One would have thought that if the courts of equity ever interfered at all to prevent a man from enforcing an unconscientious and dishonest demand to which there was no answer at law, they would perpetually restrain an action brought under the circumstances described. Mr. Wood however, who is an equity lawyer, contended before us that this was a case in which equity would follow the law, and would refuse to interfere, and he laid great stress upon a case of Webb v. Hewitt, 3 K. & J. 438, which he said established that proposition. We are glad to say that we are unable to agree with him, and that we think he has done injustice to a system of which one recommendation has been supposed to be that it was, sometimes at all events, competent to correct some of the worst and most odious technicalities of the common law. case cited appears to us to lead to the opposite conclusion to that contended for, and we think it perfectly clear that the ratio decidendi of the learned vice-chancellor was, that when the plaintiff had accepted money's worth in place of money in discharge of the bond, the debt in equity was gone and there was an end of it.

The

Upon the first point therefore we are against Mr.

Wood, and have no doubt that if payment to one of the plaintiffs would have been an answer, the delivery to him and acceptance by him of goods in satisfaction of the debt would be equally an answer.
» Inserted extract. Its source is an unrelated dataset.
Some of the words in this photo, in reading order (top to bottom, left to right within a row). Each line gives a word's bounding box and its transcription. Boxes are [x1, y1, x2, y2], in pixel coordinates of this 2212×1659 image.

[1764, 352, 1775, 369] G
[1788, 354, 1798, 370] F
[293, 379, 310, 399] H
But Mr. Wood is, we think, right in saying that, as the defense is an equitable one, it is equally necessary to establish that payment by C., the obligor, to A., the latter being joint obligee with B., would in equity be an answer to the claim by A. and B. on the bond. We cannot follow Mr. Bullen's argument that as equity would treat the satisfaction as equivalent to payment, having got so far, he is at liberty to discard any further reference to equity, and say that as at common law payment to or release by A. would prevent A. and B. from suing, he is now in a position to treat A. as having been paid, and say that as this is a common-law action there is the equivalent to a common-law defense. If he is obliged to resort to equity for his defense, he must take the equitable principles applicable to the circumstances in their entirety; and we must therefore inquire what is the rule in equity with respect to payment to one of two co-obligees or co-creditors.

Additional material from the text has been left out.